[DATA FOR REVIEW Boundary: Start]

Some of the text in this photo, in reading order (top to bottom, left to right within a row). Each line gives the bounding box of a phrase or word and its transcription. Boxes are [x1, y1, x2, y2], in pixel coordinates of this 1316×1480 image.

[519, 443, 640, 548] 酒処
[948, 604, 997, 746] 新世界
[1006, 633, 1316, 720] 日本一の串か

[DATA FOR REVIEW Boundary: End]
[DATA FOR REVIEW Boundary: Start]

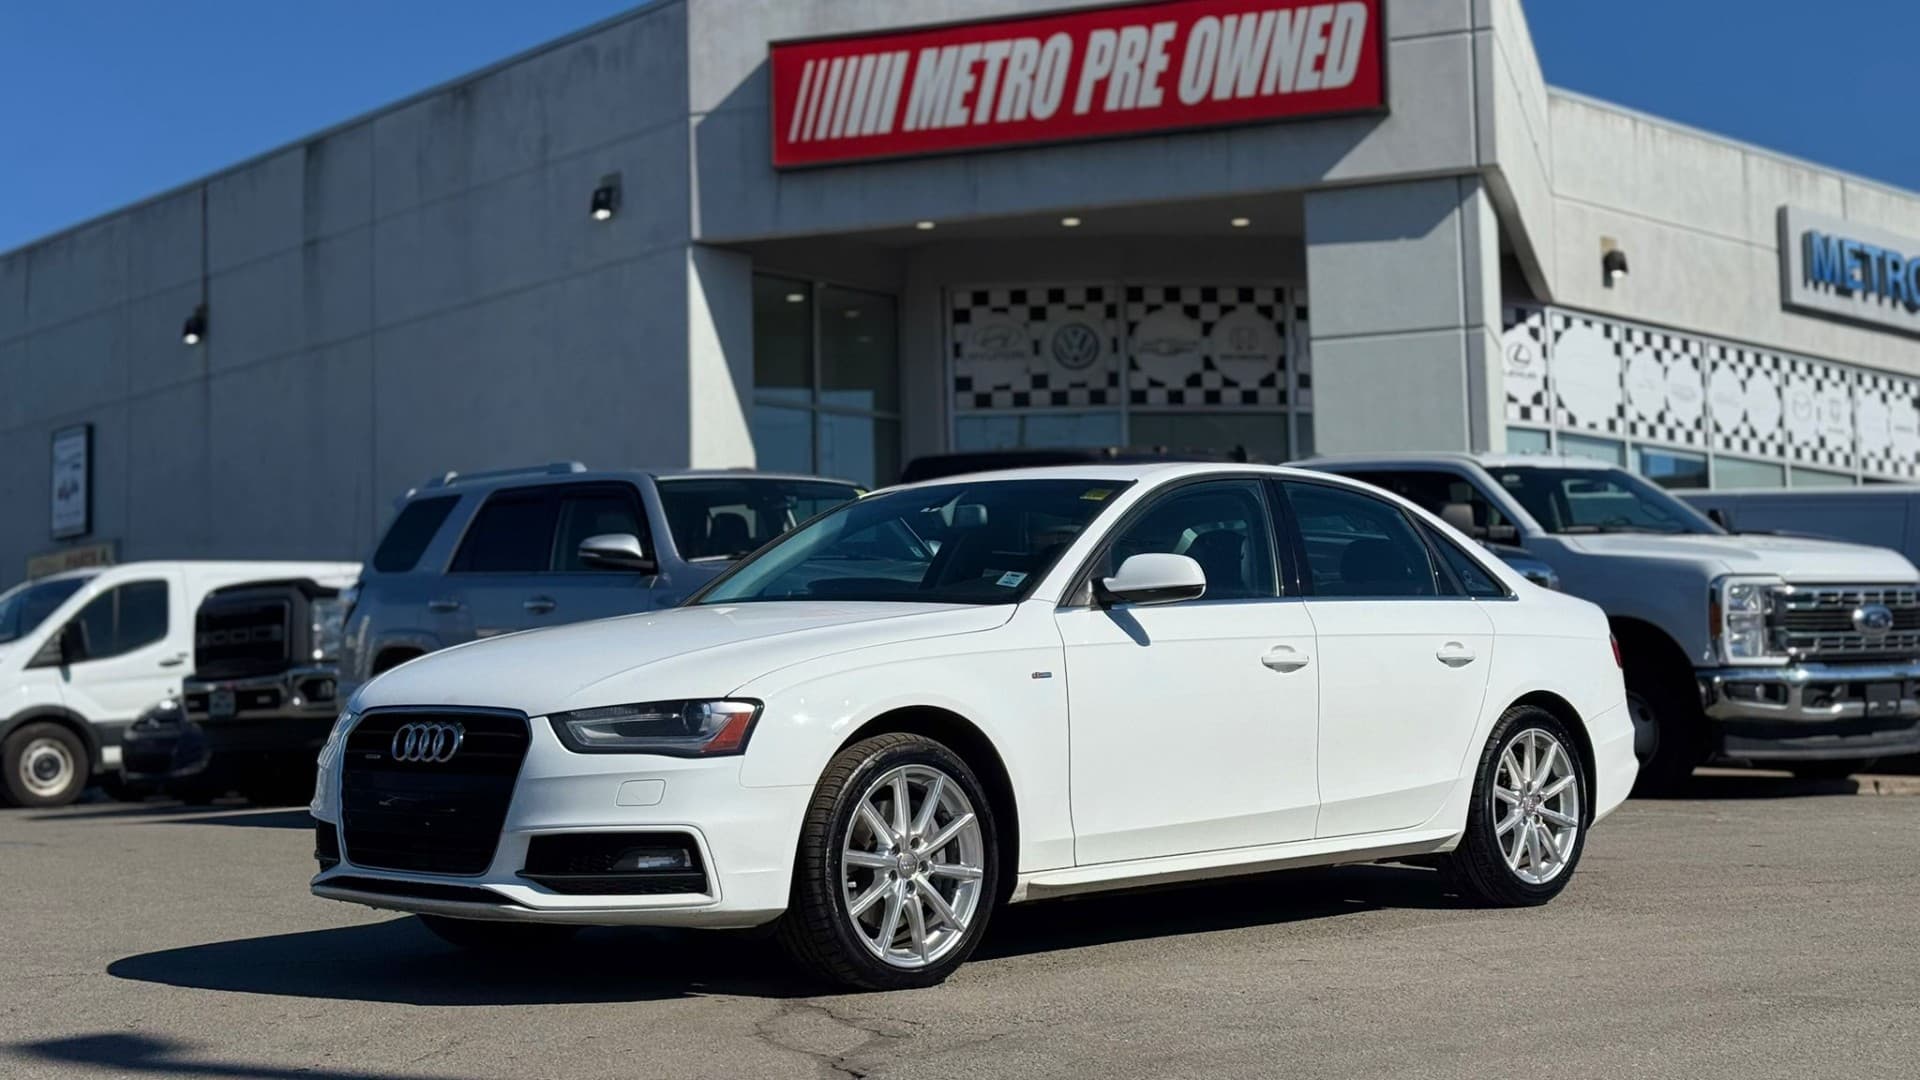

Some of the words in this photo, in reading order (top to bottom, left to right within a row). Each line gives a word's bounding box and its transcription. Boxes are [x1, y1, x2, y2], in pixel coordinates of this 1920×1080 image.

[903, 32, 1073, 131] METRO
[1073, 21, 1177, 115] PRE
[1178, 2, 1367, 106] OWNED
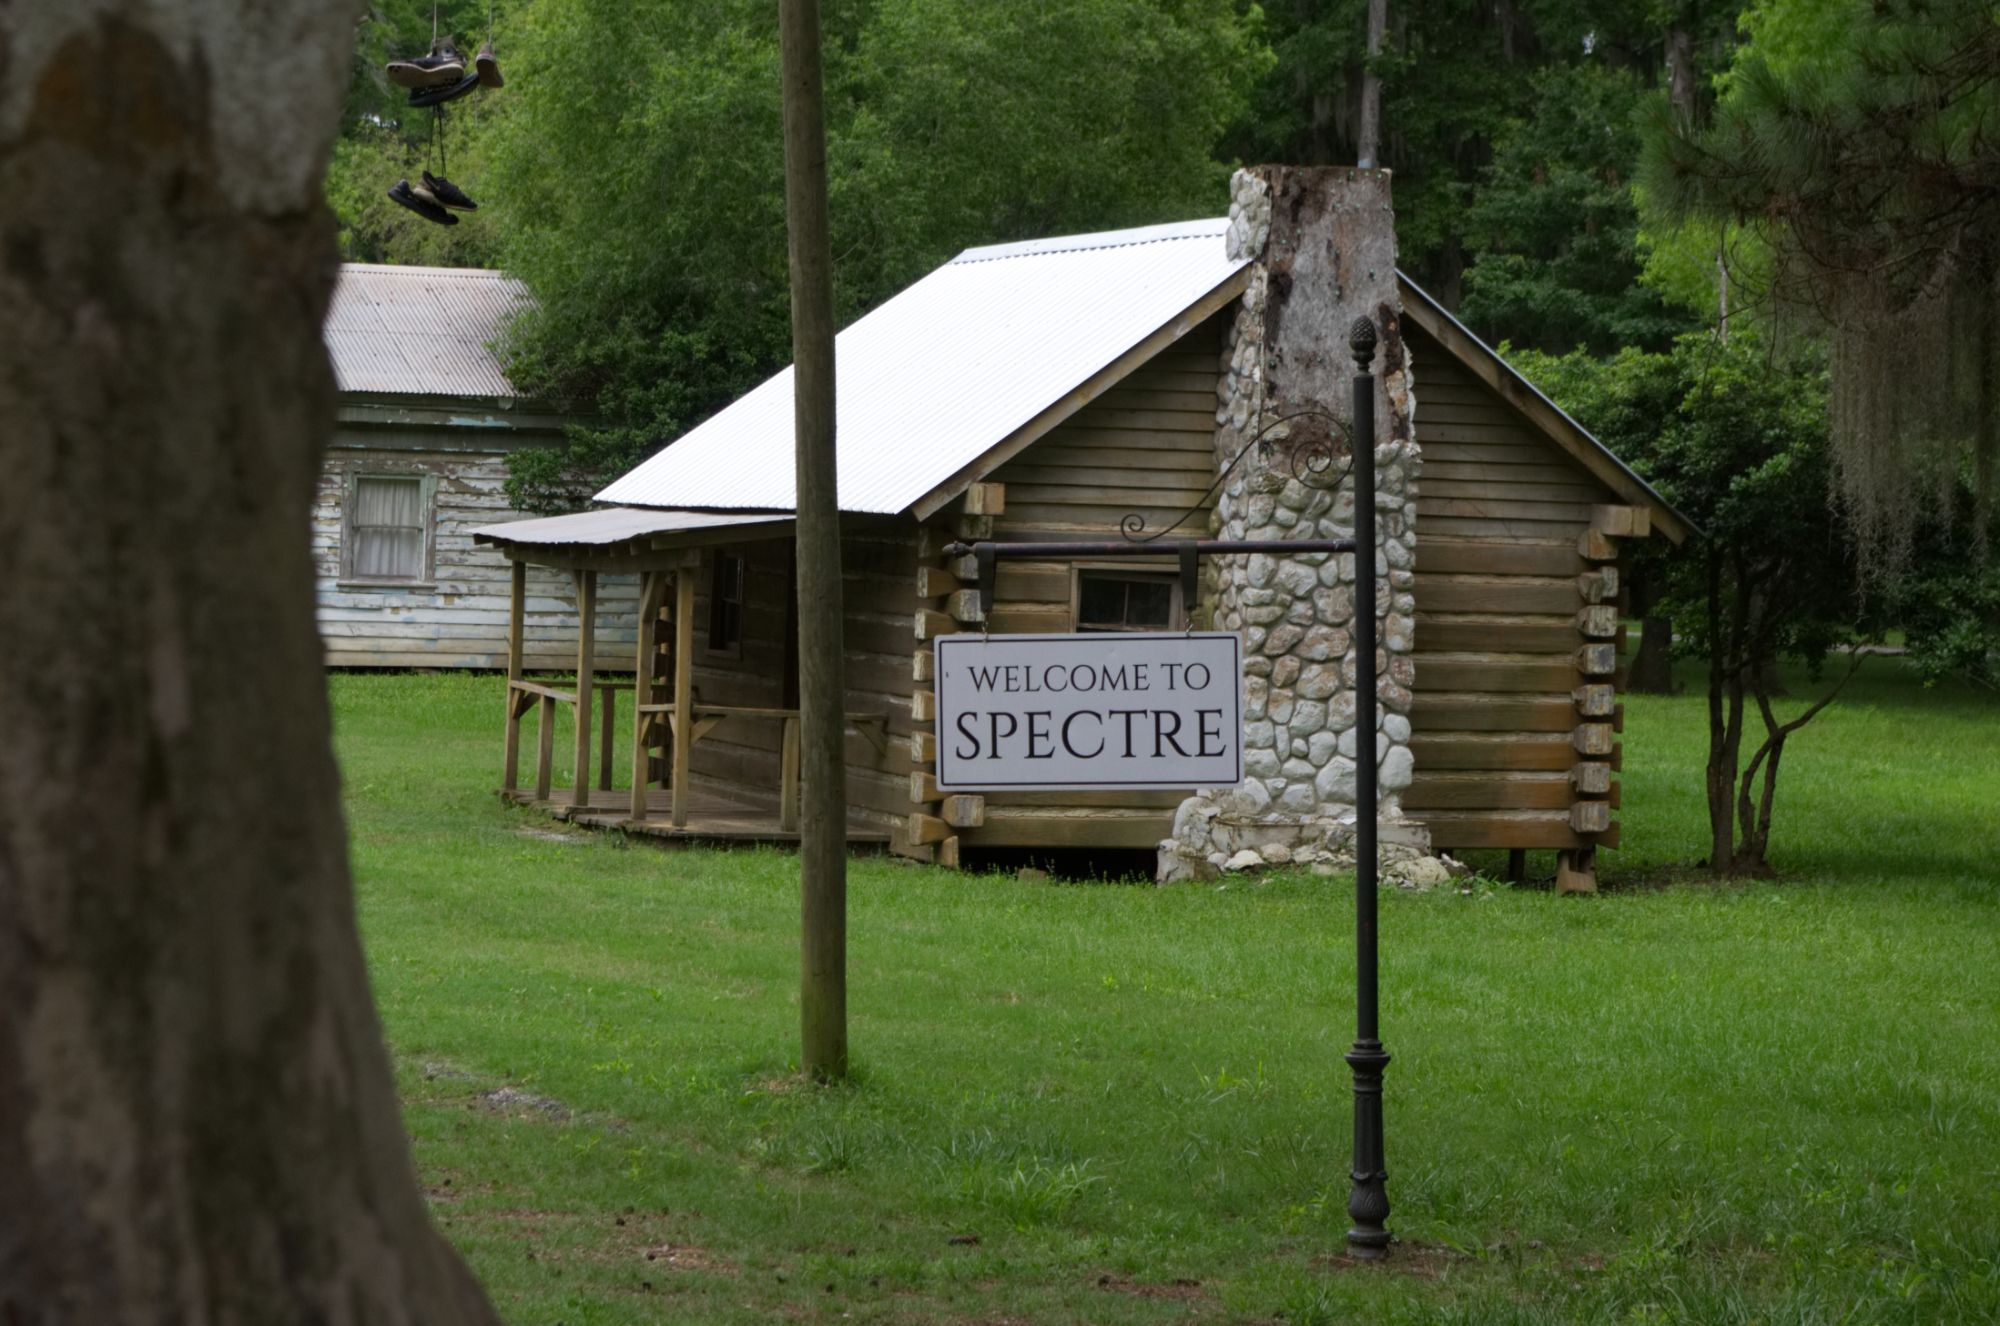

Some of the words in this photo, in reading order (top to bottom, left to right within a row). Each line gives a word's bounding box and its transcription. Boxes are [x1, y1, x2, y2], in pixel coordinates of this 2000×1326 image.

[DATA FOR REVIEW Boundary: End]
[DATA FOR REVIEW Boundary: Start]

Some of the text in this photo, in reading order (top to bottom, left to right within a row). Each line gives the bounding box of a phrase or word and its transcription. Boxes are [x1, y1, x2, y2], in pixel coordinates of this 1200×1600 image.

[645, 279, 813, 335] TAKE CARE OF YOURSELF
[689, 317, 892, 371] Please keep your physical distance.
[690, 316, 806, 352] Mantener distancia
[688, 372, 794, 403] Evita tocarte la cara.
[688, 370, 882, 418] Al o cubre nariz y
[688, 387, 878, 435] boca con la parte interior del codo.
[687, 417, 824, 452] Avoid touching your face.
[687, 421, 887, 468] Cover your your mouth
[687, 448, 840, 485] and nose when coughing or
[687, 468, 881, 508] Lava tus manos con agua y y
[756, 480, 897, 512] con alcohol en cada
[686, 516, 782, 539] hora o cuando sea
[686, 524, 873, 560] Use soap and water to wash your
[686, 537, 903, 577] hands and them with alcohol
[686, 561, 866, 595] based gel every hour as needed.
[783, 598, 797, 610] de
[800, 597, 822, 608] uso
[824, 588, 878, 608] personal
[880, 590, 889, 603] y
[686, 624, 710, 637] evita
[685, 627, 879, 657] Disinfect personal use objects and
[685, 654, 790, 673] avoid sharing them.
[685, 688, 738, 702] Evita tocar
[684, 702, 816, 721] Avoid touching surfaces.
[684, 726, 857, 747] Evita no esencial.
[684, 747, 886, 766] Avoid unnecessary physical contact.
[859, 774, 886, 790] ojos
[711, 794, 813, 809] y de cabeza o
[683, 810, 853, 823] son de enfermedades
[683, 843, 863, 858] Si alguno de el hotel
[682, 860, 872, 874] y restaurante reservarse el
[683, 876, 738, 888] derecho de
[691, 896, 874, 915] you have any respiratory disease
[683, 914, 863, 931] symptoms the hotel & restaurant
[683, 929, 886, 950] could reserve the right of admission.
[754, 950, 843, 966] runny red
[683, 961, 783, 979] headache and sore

[DATA FOR REVIEW Boundary: End]

■ WHAT YOU SHOULD DO
In the data above, find the line containing "this 1920×1080 image." and the line containing "this 2000×1326 image.". Repeat those two lines and everything between them exactly, minus the pictures.

■ SOLUTION TO THE PROBLEM
Some of the words in this photo, in reading order (top to bottom, left to right within a row). Each line gives a word's bounding box and its transcription. Boxes are [x1, y1, x2, y2], in pixel coordinates of this 1920×1080 image.

[903, 32, 1073, 131] METRO
[1073, 21, 1177, 115] PRE
[1178, 2, 1367, 106] OWNED

Some of the words in this photo, in reading order (top to bottom, left to right within a row). Each line gives a word's bounding box and its transcription. Boxes are [x1, y1, x2, y2], in pixel coordinates of this 2000×1326 image.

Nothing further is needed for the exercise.